If you don't deal with the past, some say, it will sneak up and deal with you. For Aggie, the past appears on a stormy March evening in the form of her younger sister Bella, who abruptly forces Aggie and her lover, Madeline, to sort through their lives in order to press on toward their future. Writer Robin Rice Lichtig's ambitious play, Embracing the Undertoad, wrestles with issues of trust, redemption, family, love, betrayal, and forgiveness, all within the confines of a small apartment bedroom in Wilmington, N.C. The award-winning script was presented as a one-act at the Bailiwick Rep in Chicago, where it won the Lesbian Theatre Initiative. With an occasional affecting metaphor or timely turn of phrase, the full-length production brings interesting relationships and issues to light. But the lack of any satisfying resolution for the characters gives the lengthy spans of dialogue the feeling of being diluted from what was most likely a sharper, more pungent original version.
When Aggie returns home from her waitressing job, her younger girlfriend Madeline immediately recognizes that something is wrong. She questions Aggie until she divulges that her boss's son has been sexually harassing her. As the women plot their revenge, their dialogue reveals the cracks in their five-month-old relationship. Madeline, a young writer, is hard at work on her book, a tome about spelunking and self-discovery. A heavy drinker, she writes all day while Aggie works. Aggie is desperate for her to finish her book so they can reap the monetary rewards and live the life of their dreams, while Madeline maintains that she will not be fully inspired until Aggie tells her the details of her life before they met. Aggie is tight-lipped about her past, and much of the action concerns Madeline's attempts to learn about Aggie's history.
When the telephone rings, Aggie's feeling of foreboding is confirmed when Madeline reports that Bella is on her way to visit. Aggie wants to flee, but Madeline, recognizing a possibility to finally unravel Aggie's past, insists that they stay. When Bella arrives, wind chimes sound, snow falls, and the curtains blow open. As sisters who have lived through tragedy, Bella and Aggie share a mystical, extrasensory bond. Throughout the course of the evening, Bella manages to expose the secrets of both Madeline's and Aggie's versions of truth, and she leaves the two to decide on the future of their relationship.
Lichtig certainly had strong elements with which to work.

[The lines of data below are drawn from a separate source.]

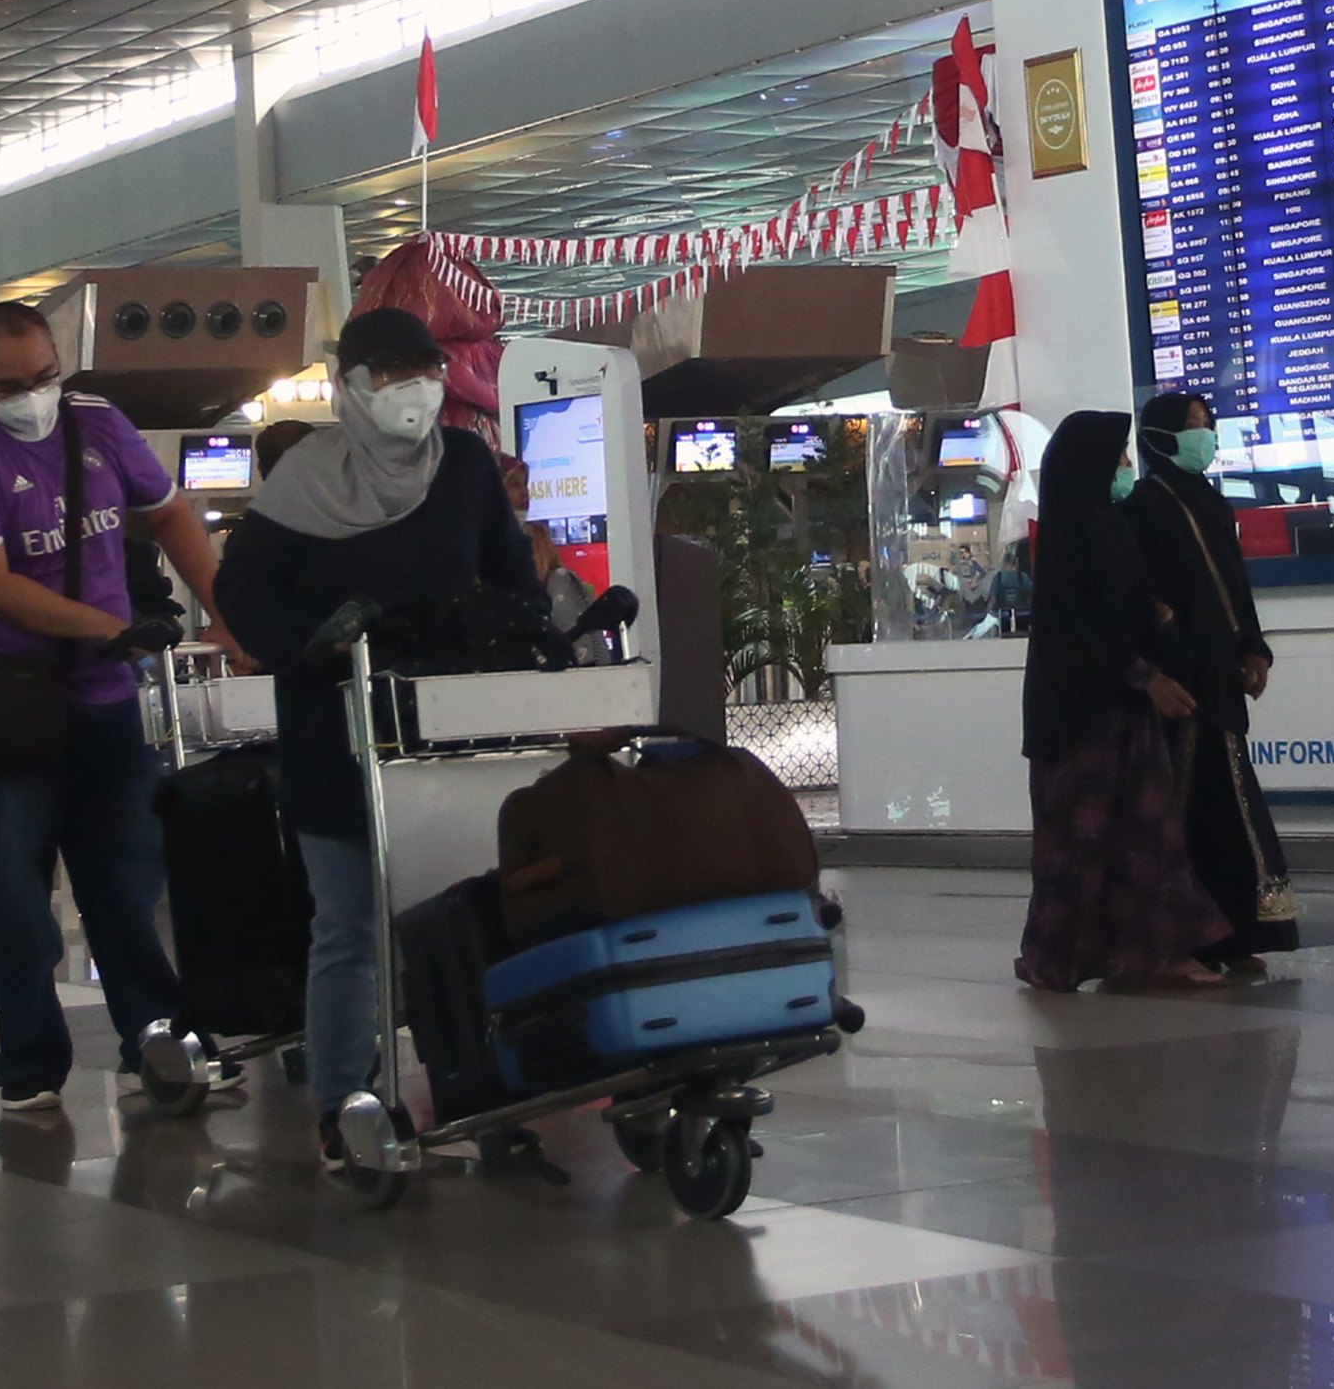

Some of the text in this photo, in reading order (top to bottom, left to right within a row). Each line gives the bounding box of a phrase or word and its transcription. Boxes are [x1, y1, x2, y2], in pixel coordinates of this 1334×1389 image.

[1246, 42, 1315, 64] KUALA LUMPUR
[529, 476, 588, 501] ASK HERE
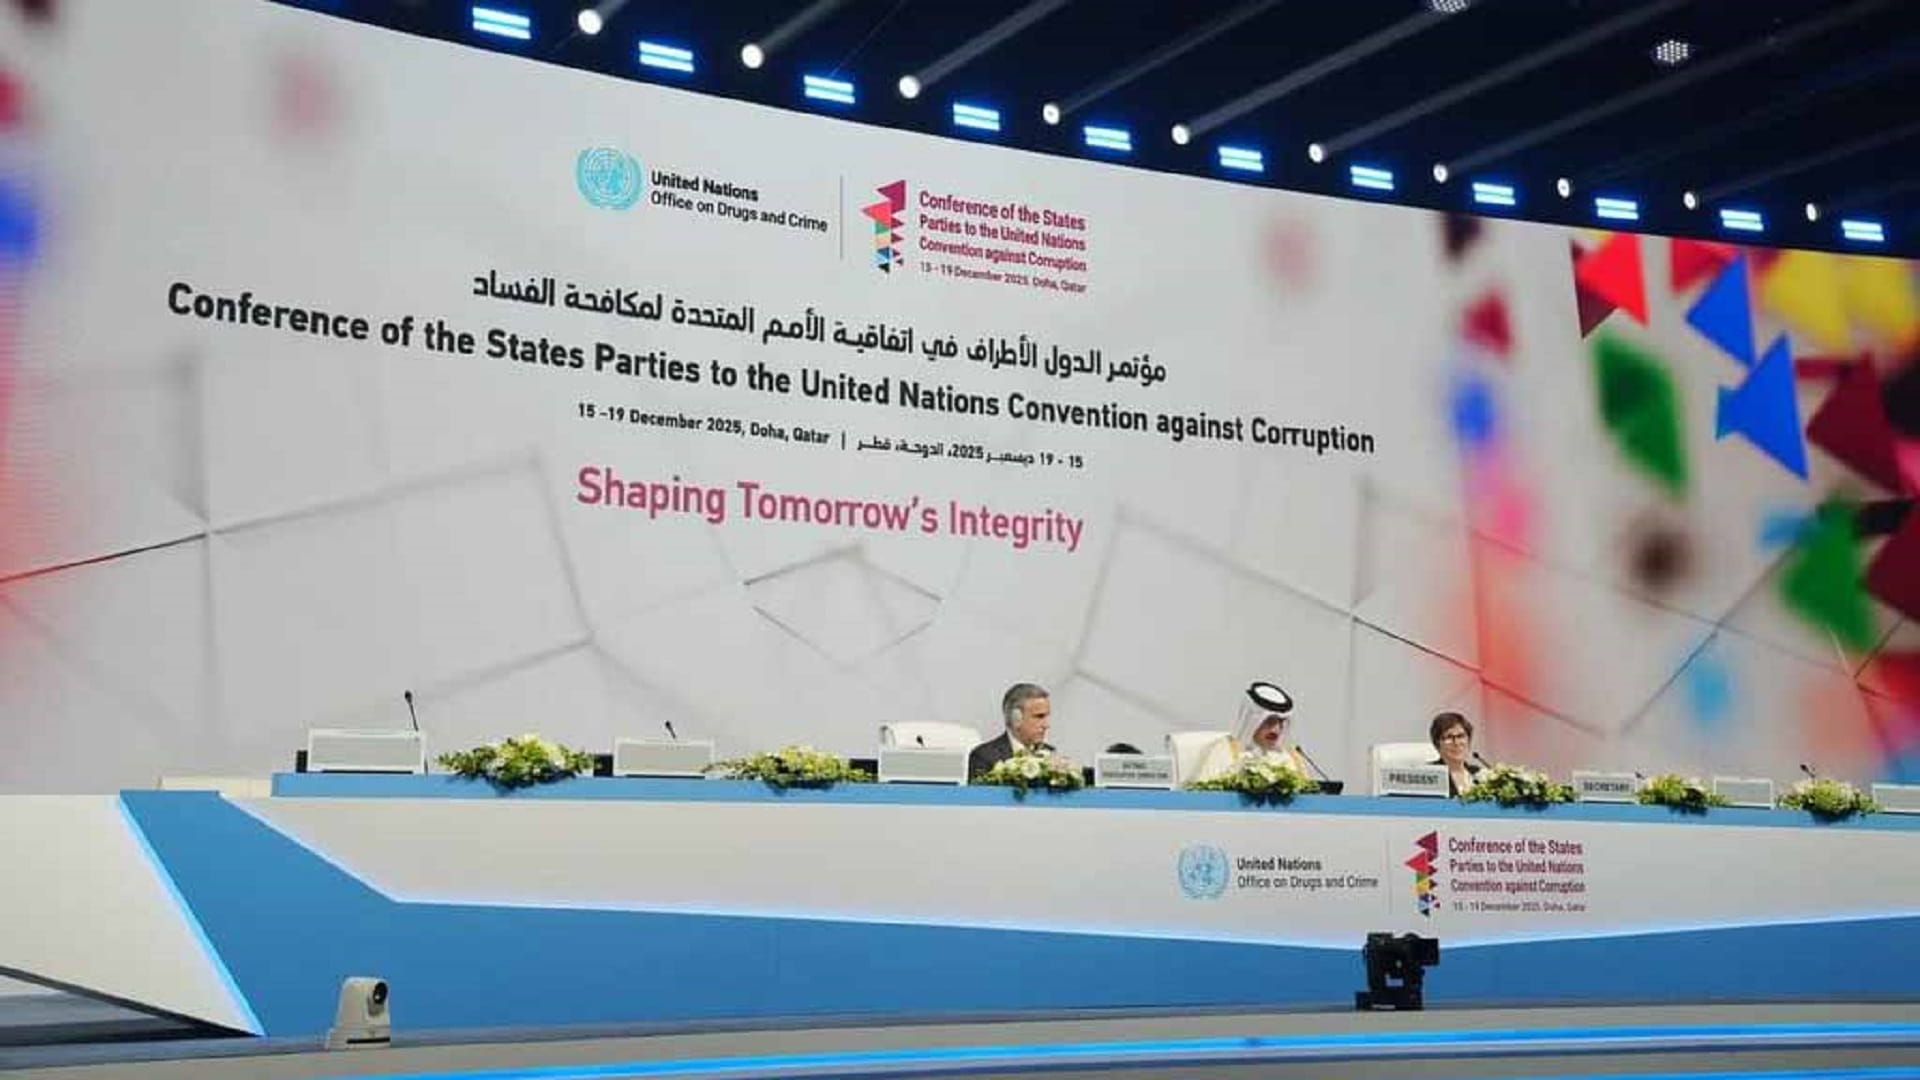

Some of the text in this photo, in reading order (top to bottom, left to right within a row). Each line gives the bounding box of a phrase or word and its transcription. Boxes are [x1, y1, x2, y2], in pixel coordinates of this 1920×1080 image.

[650, 169, 758, 202] United Nations
[650, 190, 828, 232] Office on Drugs and Crime
[919, 190, 1086, 231] Conference of the States
[919, 213, 1086, 251] Parties to the United Nations
[919, 236, 1087, 273] Convention against Corruption
[954, 266, 1002, 281] December
[473, 269, 1166, 386] مؤتمر الدول الأطراف في اتفاقية الأمم المتحدة لمكافحة الفساد
[167, 281, 1375, 455] Conference of the States Parties to the United Nations Convention against Corruption
[578, 402, 595, 418] 15
[629, 408, 703, 430] December
[706, 416, 745, 436] 2025,
[750, 422, 790, 442] Doha,
[793, 428, 831, 444] Qatar
[1039, 451, 1054, 466] 19
[1069, 455, 1084, 469] 15
[577, 467, 726, 524] Shaping
[949, 500, 1085, 552] Integrity
[1388, 772, 1440, 785] PRESIDENT
[1449, 837, 1583, 855] Conference of the States
[1236, 856, 1322, 871] United Nations
[1450, 859, 1584, 875] Parties to the United Nations
[1237, 875, 1379, 891] Office on Drugs and Crime
[1450, 878, 1586, 895] Convention against Corruption
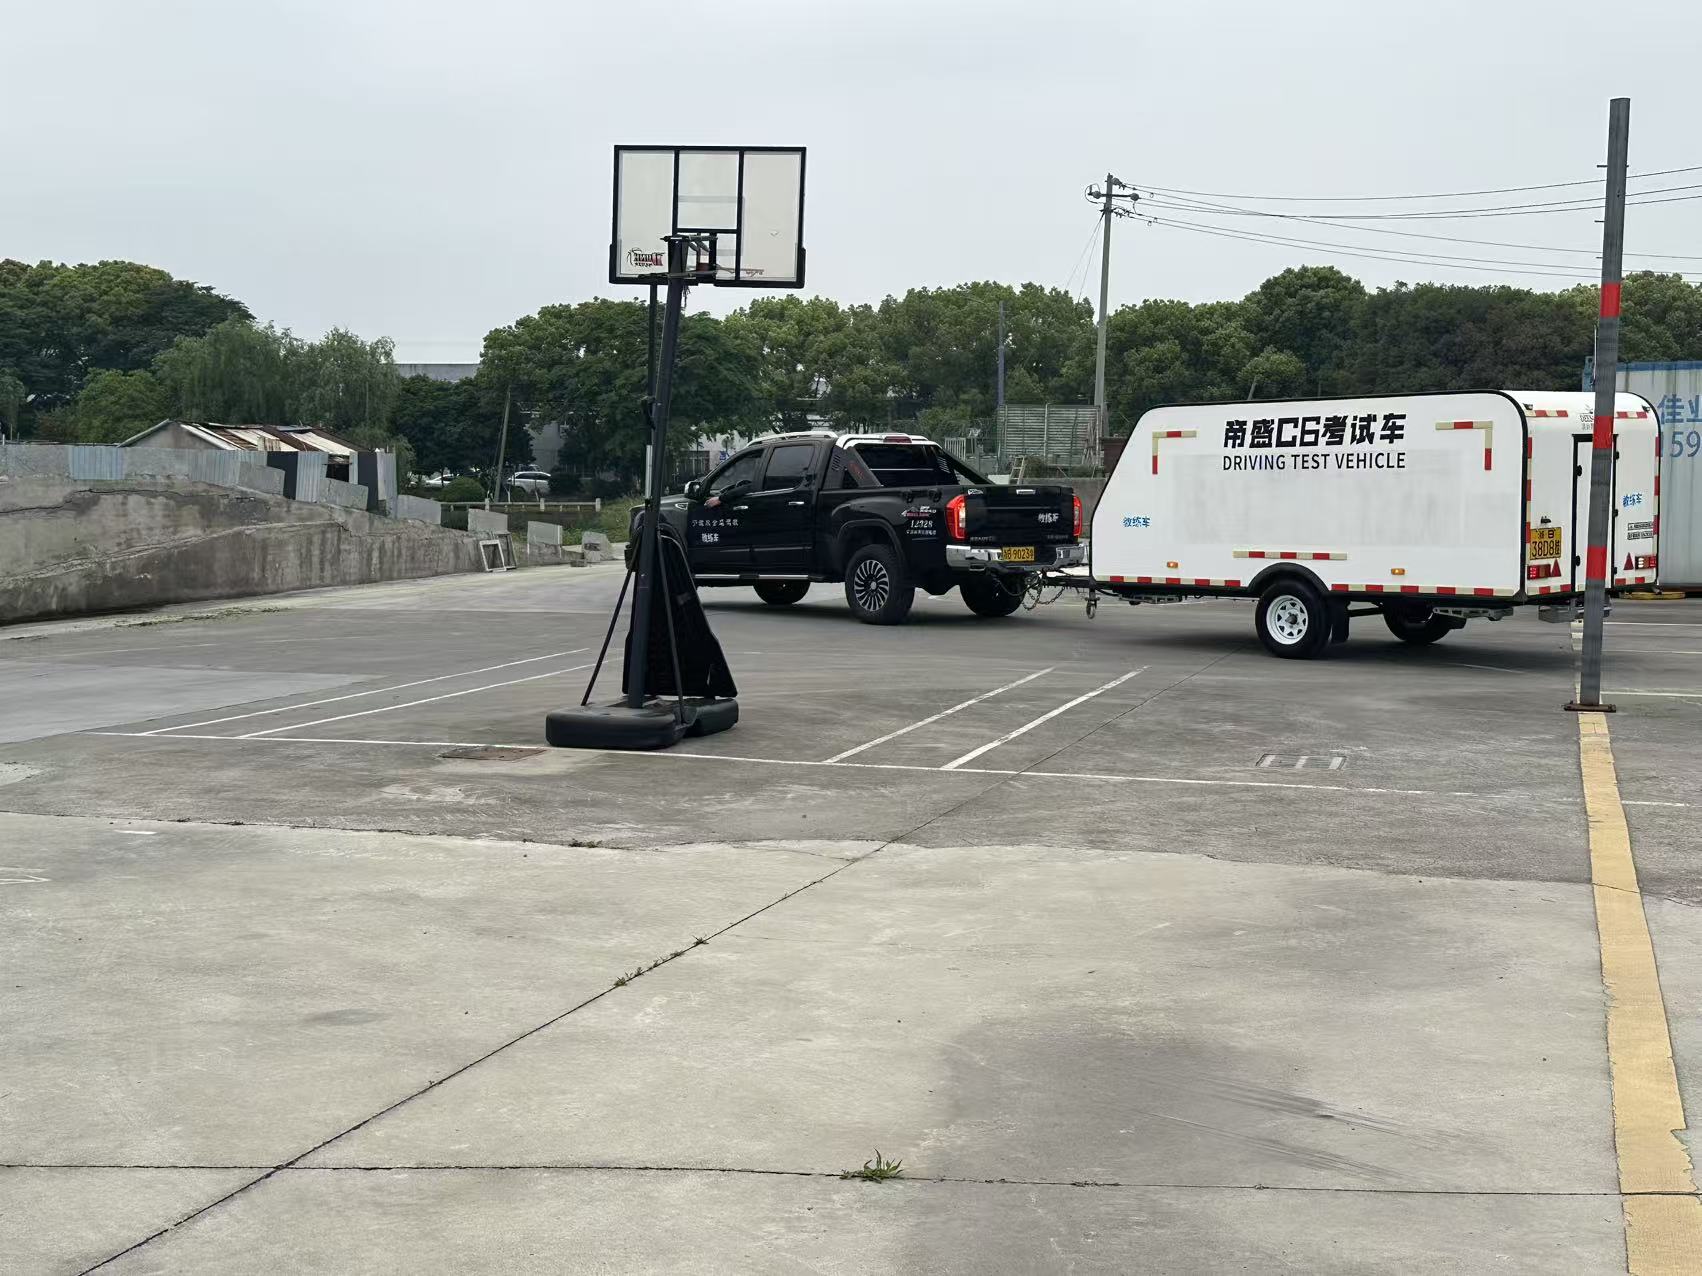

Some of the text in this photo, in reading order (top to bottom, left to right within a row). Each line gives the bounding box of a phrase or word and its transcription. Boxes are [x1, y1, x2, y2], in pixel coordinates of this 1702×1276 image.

[1224, 412, 1407, 449] 帝盛C6考试车
[1223, 452, 1406, 471] DRIVING TEST VEHICLE
[1122, 516, 1151, 528] 教练车

Madeline is an expert spelunker, which invites intriguing comparisons between venturing into caves and venturing into relationships, both of which bring us through darkness in pursuit of light. Aggie is also a fascinating character, a woman with low self-esteem who pushes aside her own life to live vicariously and feed off of Madeline's talent. The ethereal Bella operates as sage, muse, and prophet, a figure who arrives and departs surrounded by mystery. She leaves us with questions that are never fully answered, but perhaps for Lichtig's purposes, they are questions better left unresolved.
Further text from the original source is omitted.